• Try it: Write out each line exactly, starting with the one containing "Some of the words" and stopping after the last line of the listing below.

• Data listing:

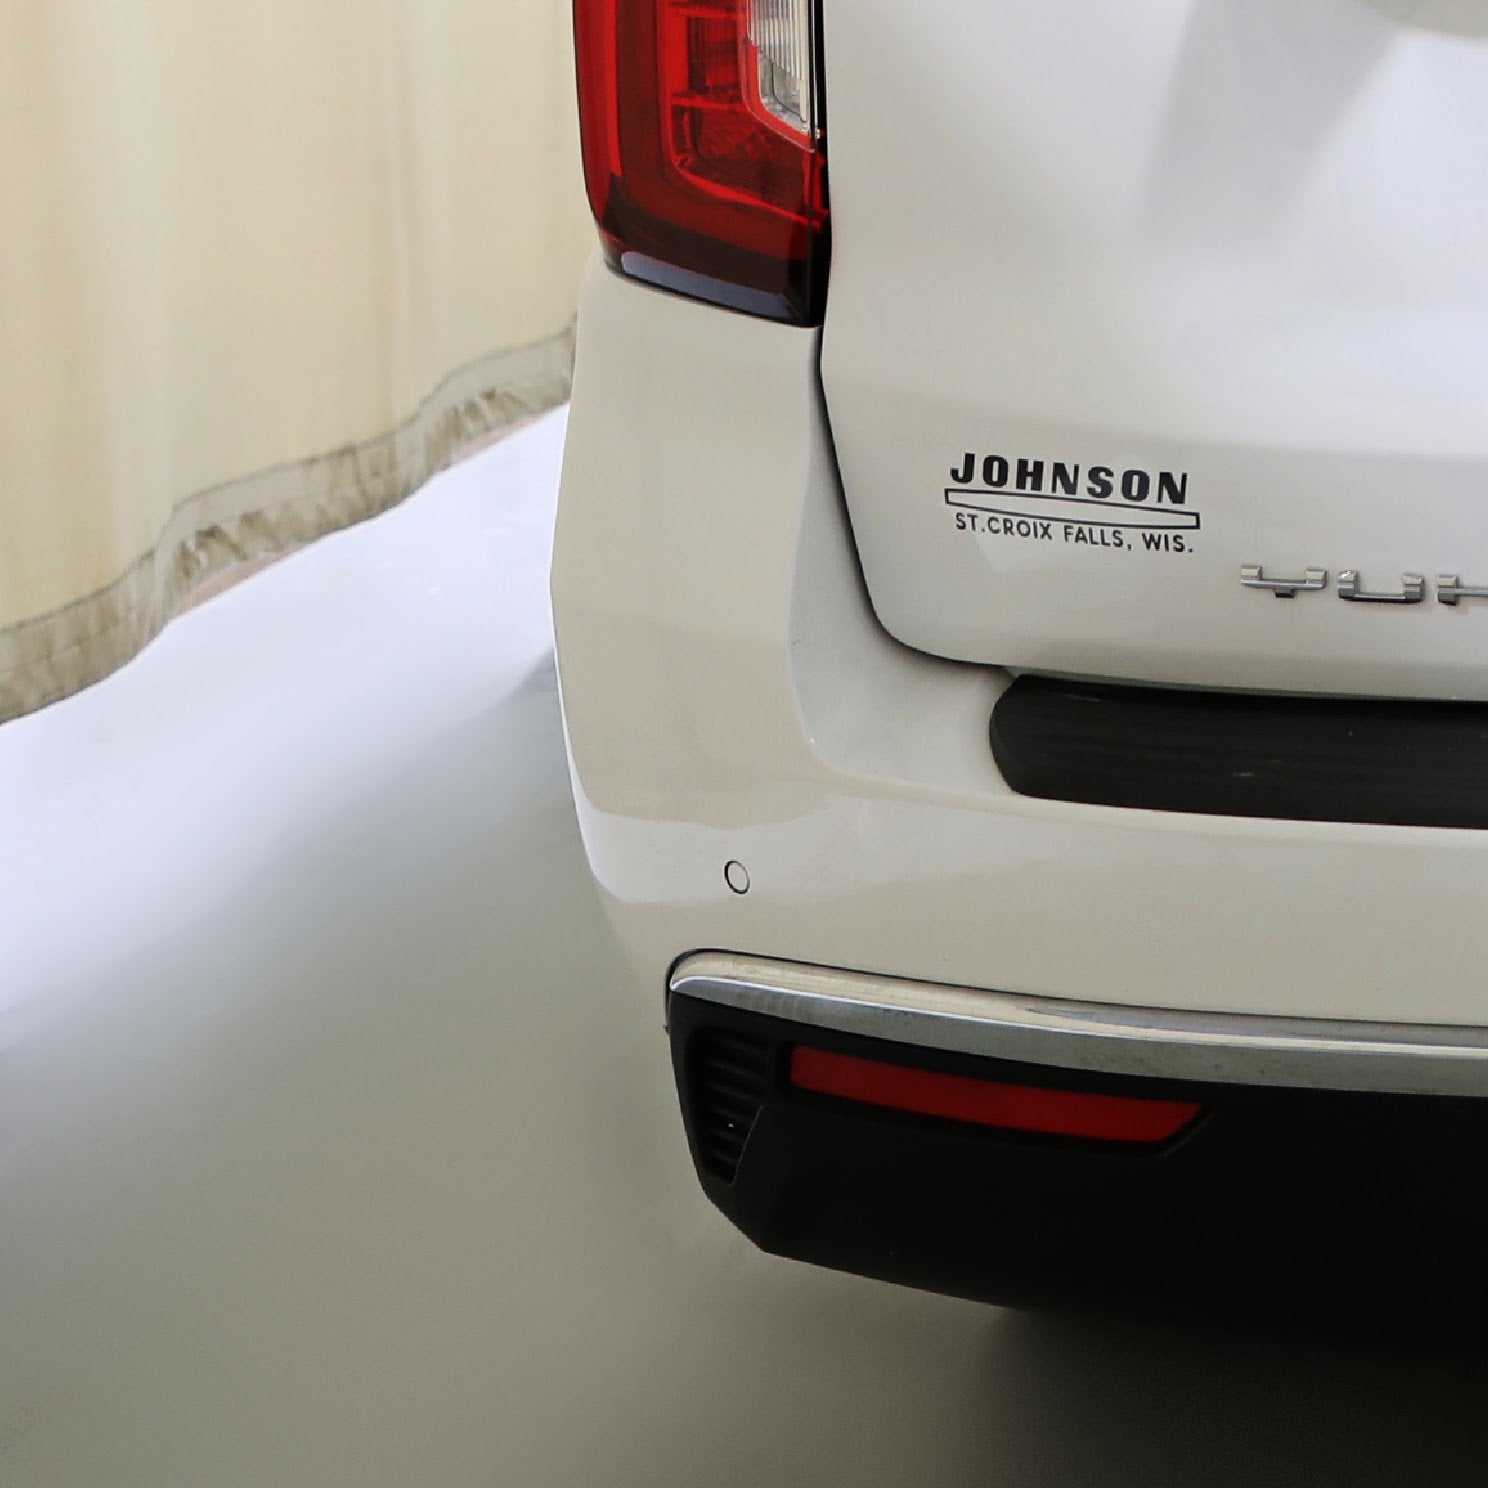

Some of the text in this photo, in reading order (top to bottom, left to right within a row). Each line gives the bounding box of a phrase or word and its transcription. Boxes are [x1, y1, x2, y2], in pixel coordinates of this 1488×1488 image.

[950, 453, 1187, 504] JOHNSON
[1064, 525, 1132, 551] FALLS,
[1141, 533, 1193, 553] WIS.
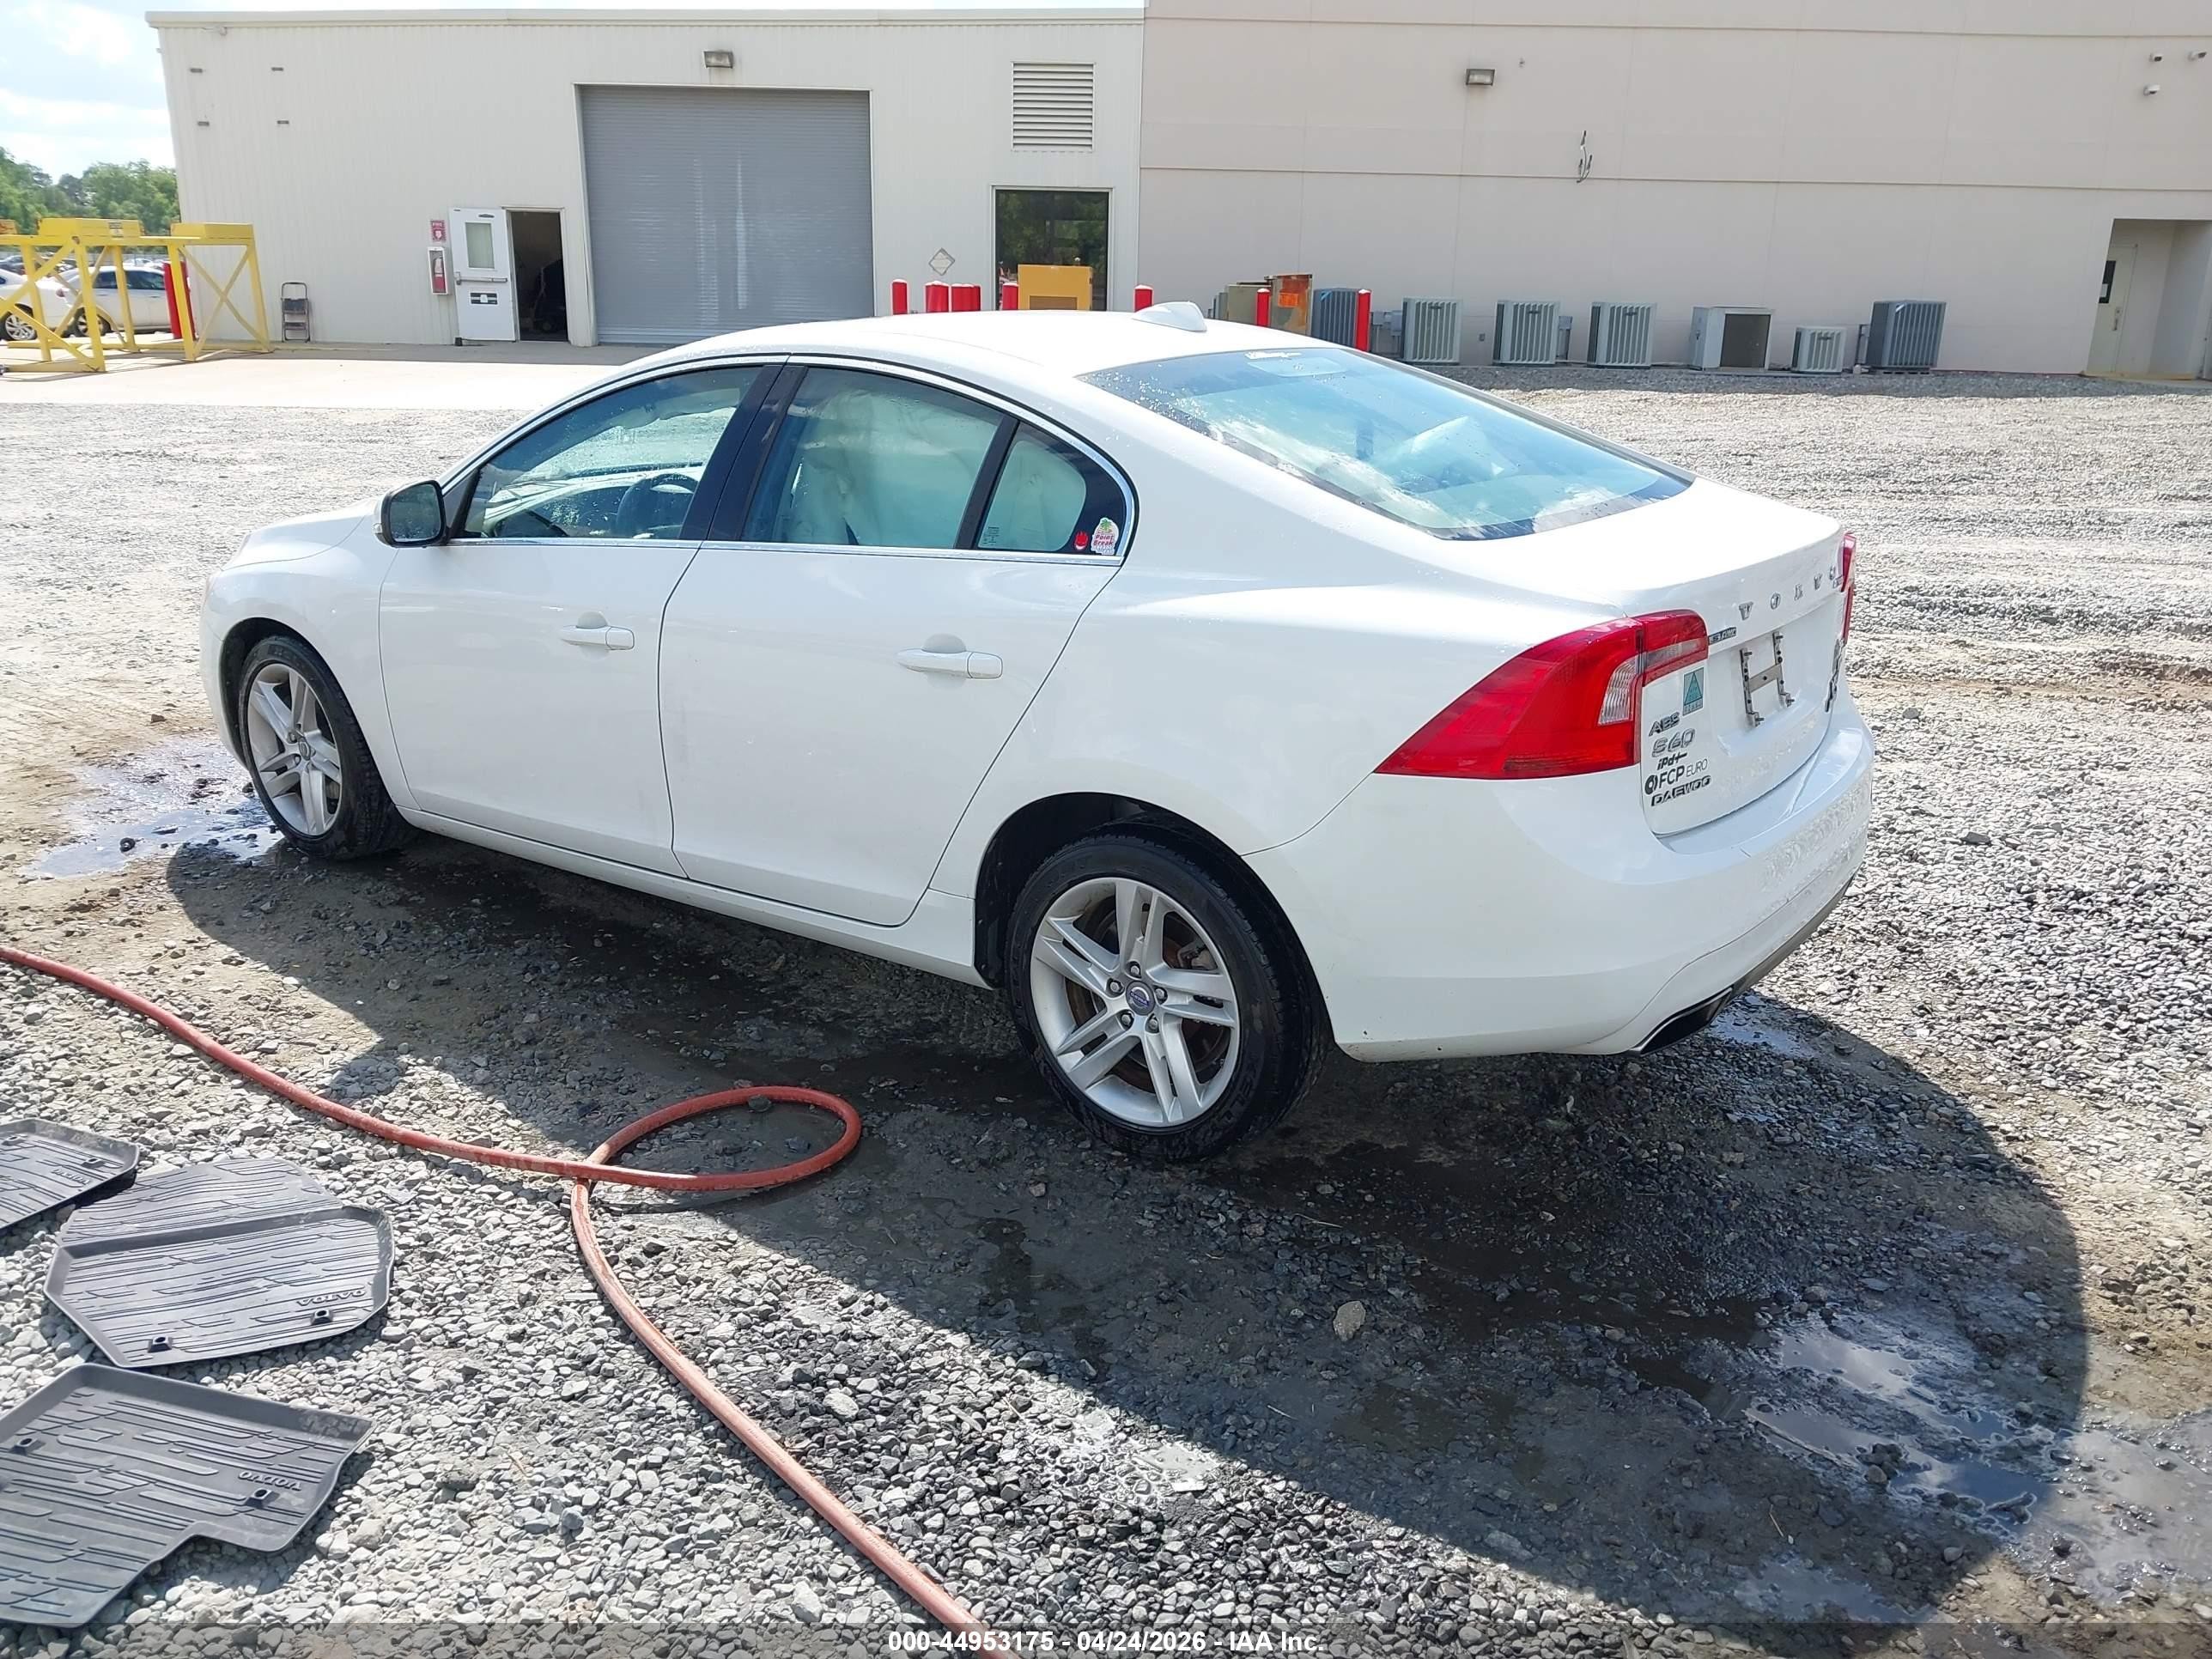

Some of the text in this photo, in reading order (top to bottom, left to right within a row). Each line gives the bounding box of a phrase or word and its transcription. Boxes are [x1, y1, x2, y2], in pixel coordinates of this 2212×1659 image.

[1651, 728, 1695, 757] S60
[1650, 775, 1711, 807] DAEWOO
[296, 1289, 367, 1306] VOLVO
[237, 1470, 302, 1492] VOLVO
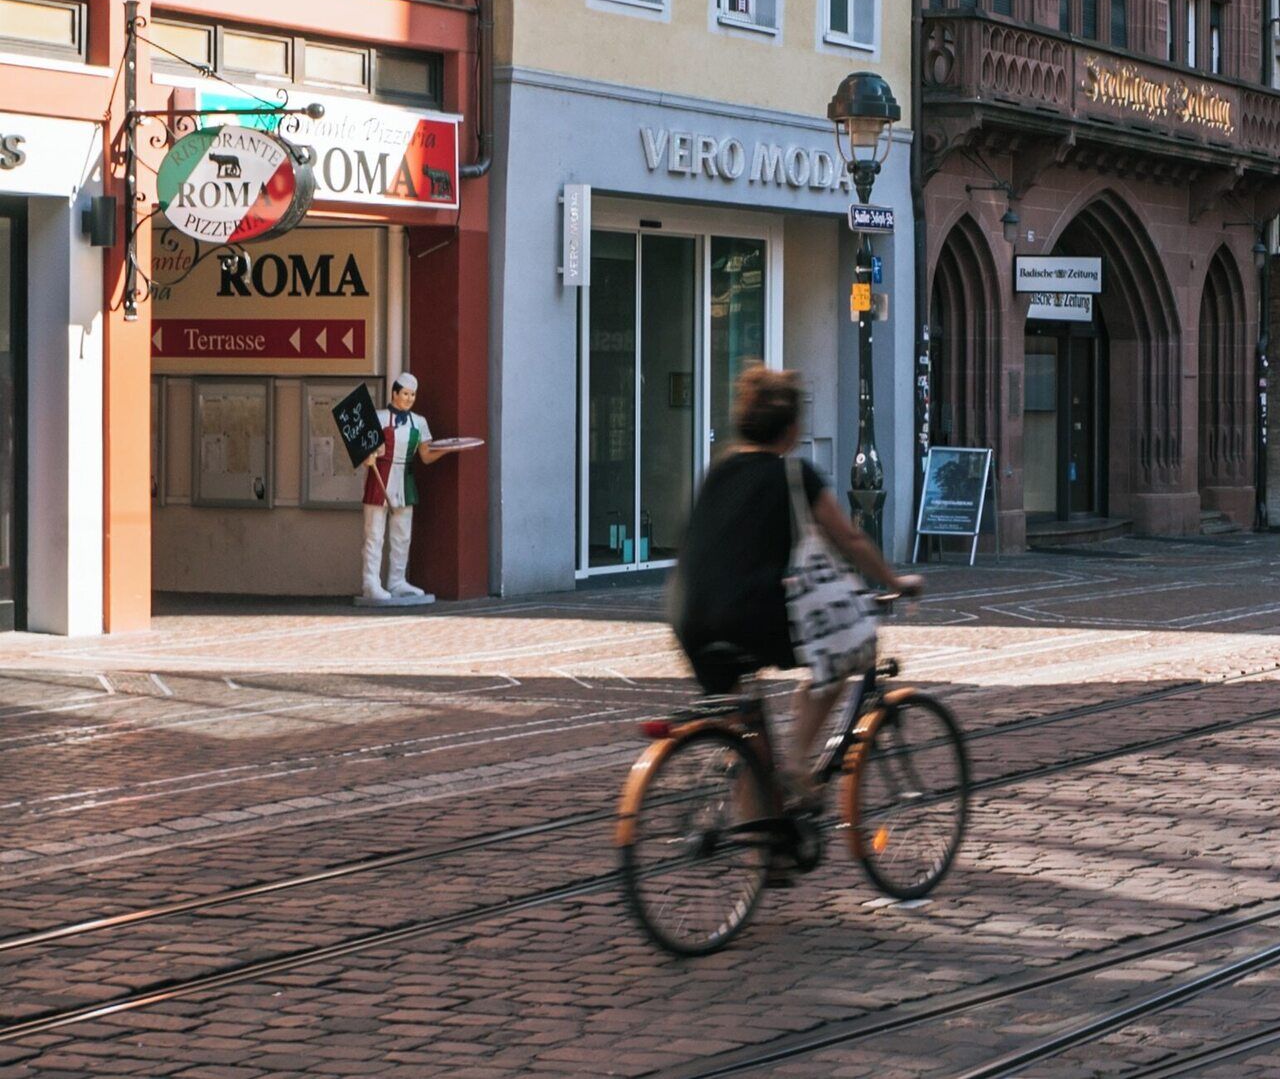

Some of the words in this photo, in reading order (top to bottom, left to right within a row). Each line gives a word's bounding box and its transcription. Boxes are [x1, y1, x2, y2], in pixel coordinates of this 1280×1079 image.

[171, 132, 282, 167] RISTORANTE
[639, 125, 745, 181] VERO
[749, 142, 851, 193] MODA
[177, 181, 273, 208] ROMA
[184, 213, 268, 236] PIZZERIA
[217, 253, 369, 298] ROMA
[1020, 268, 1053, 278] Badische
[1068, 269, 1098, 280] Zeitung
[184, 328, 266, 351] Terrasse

• Response to this task:
Some of the words in this photo, in reading order (top to bottom, left to right within a row). Each line gives a word's bounding box and its transcription. Boxes are [x1, y1, x2, y2], in pixel coordinates of this 1280×1079 image.

[171, 132, 282, 167] RISTORANTE
[639, 125, 745, 181] VERO
[749, 142, 851, 193] MODA
[177, 181, 273, 208] ROMA
[184, 213, 268, 236] PIZZERIA
[217, 253, 369, 298] ROMA
[1020, 268, 1053, 278] Badische
[1068, 269, 1098, 280] Zeitung
[184, 328, 266, 351] Terrasse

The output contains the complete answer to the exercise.